__YOUR OBJECTIVE__
Only the pictures should be dropped; copy the rest of the entries exactly.

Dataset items
※

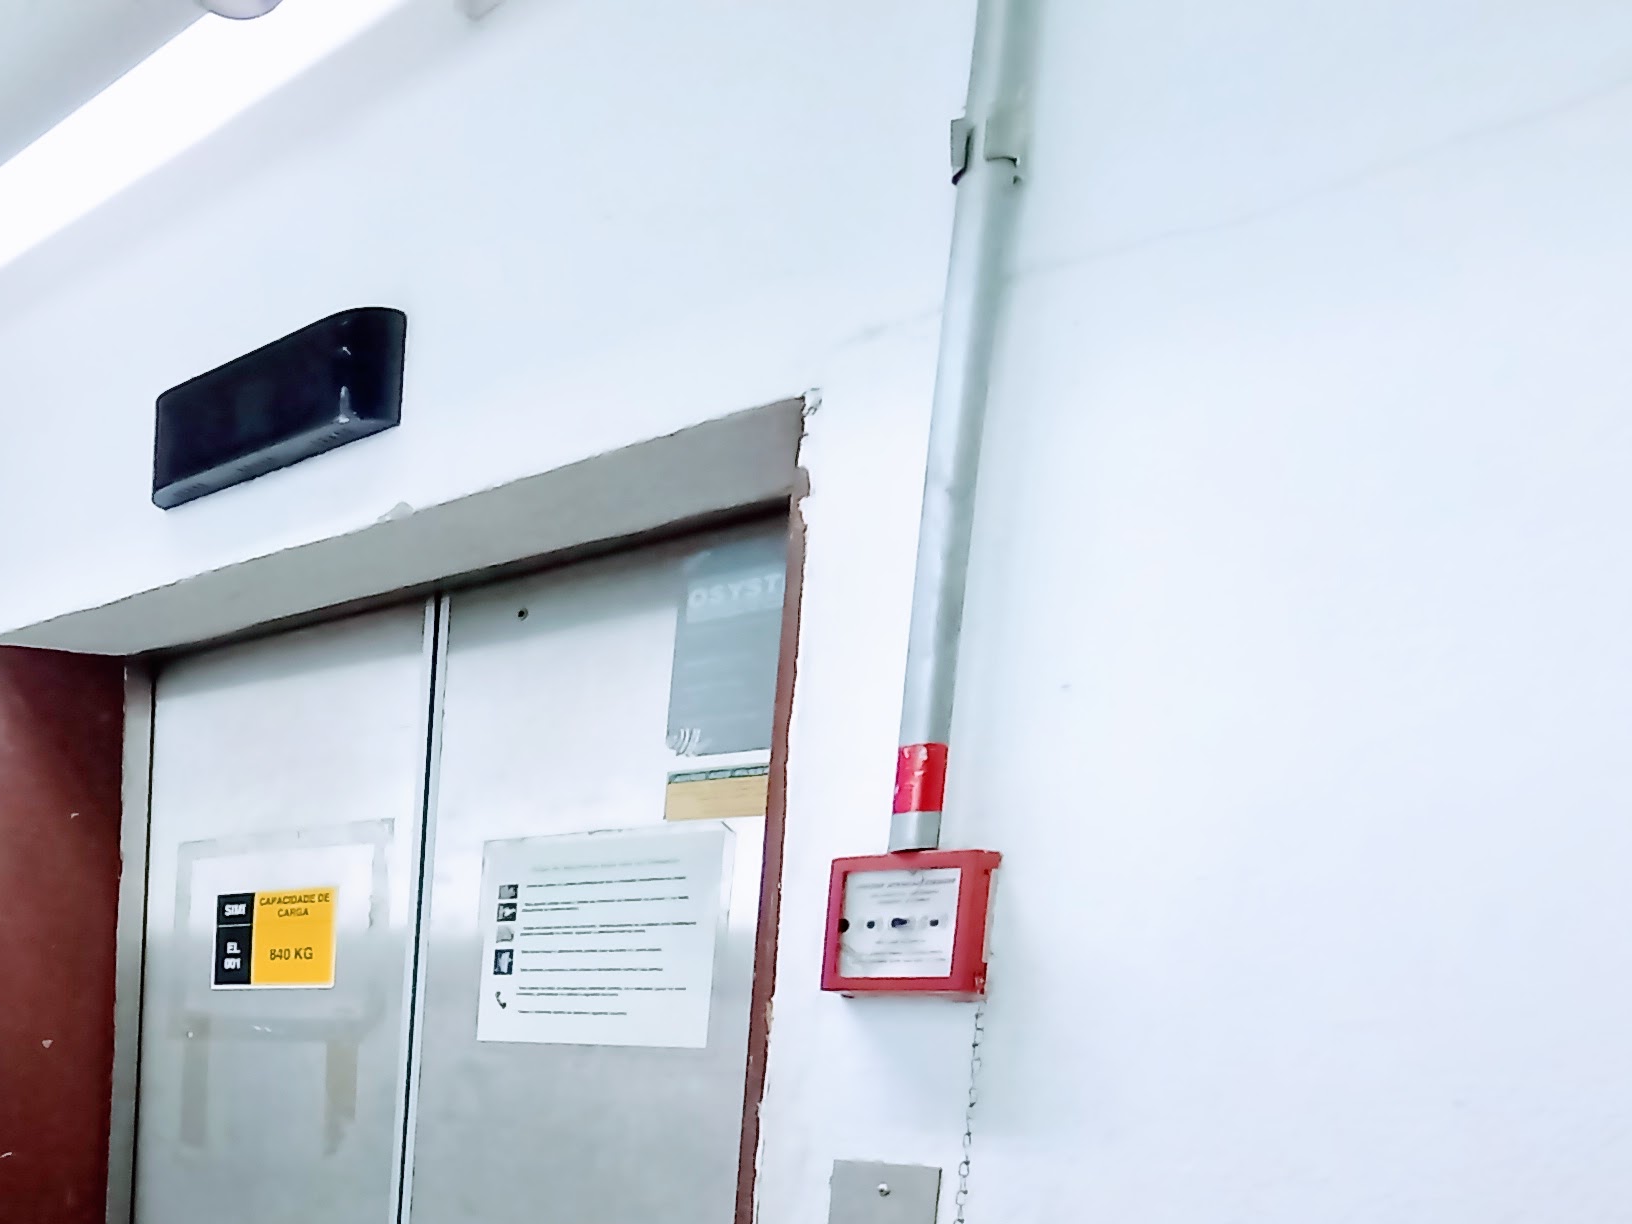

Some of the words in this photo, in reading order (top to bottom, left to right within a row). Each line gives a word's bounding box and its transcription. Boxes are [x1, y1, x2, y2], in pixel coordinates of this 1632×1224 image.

[259, 894, 315, 906] CAPACIDADE
[317, 893, 330, 903] DE
[277, 908, 309, 917] CARGA
[293, 946, 313, 960] KG
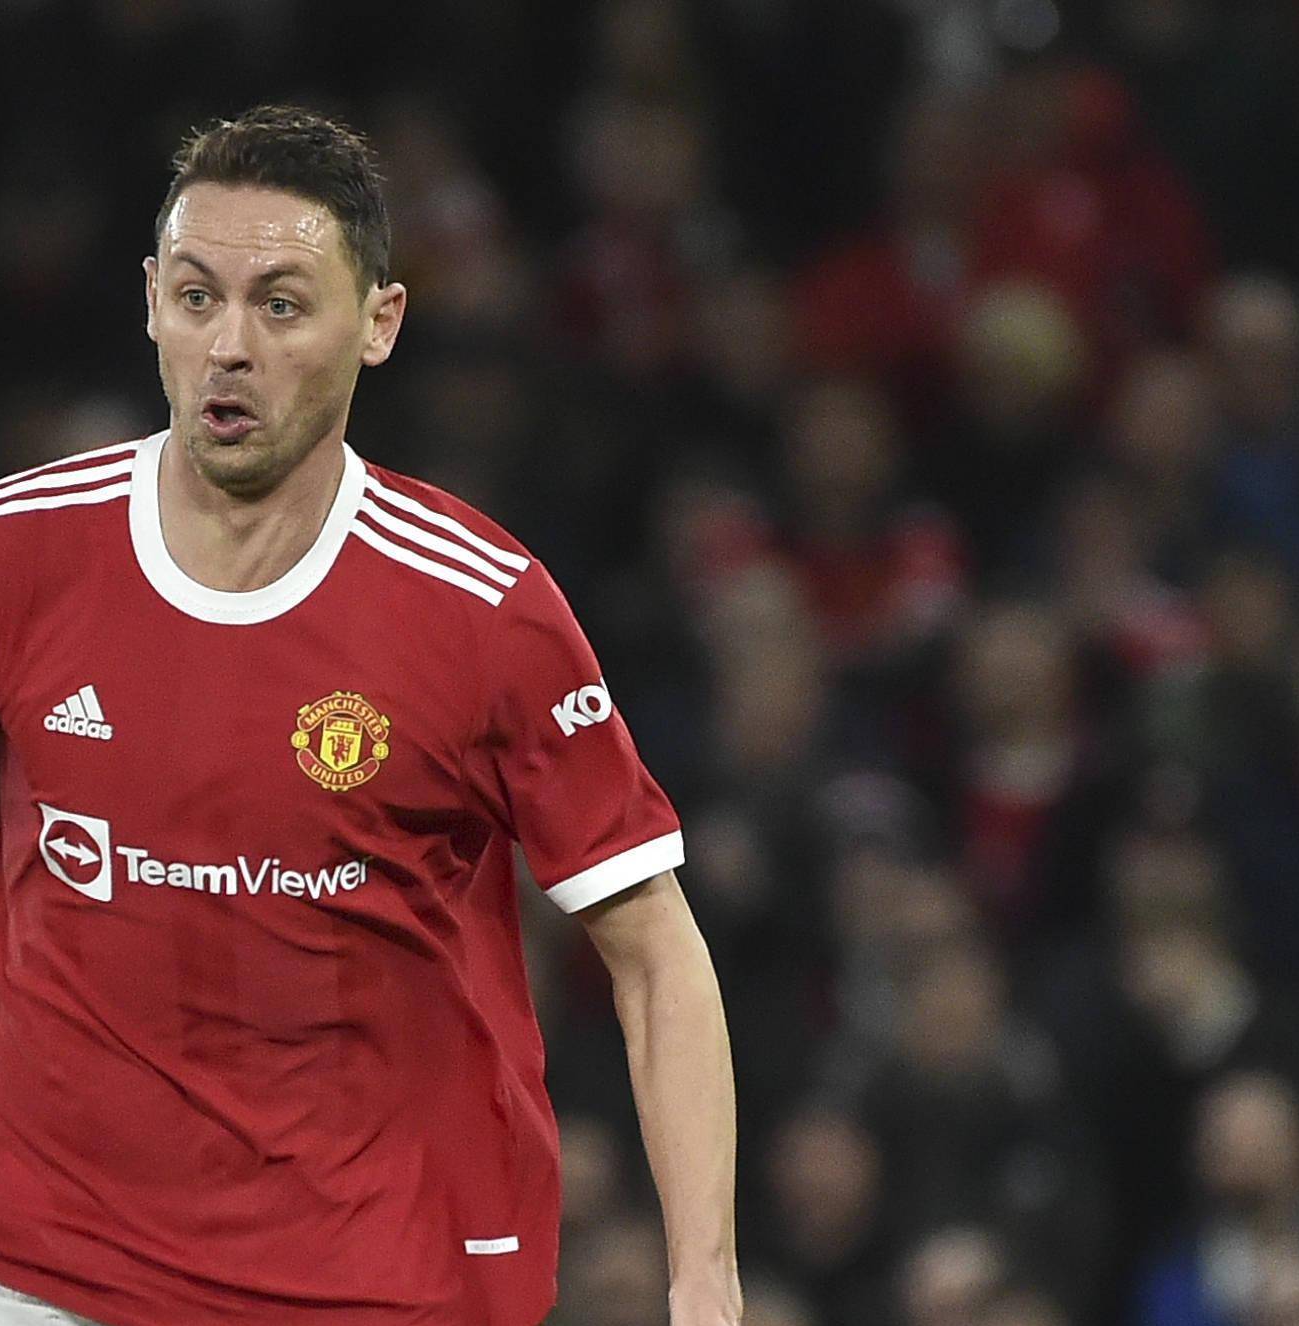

※

__TASK ANSWER__
Some of the words in this photo, in reading order (top to bottom, left to right within a row). Each line gives a word's bounding box and its transcription. Boxes are [x1, y1, x2, y2], in pixel coordinates of this 1632×1224 image.

[259, 894, 315, 906] CAPACIDADE
[317, 893, 330, 903] DE
[277, 908, 309, 917] CARGA
[293, 946, 313, 960] KG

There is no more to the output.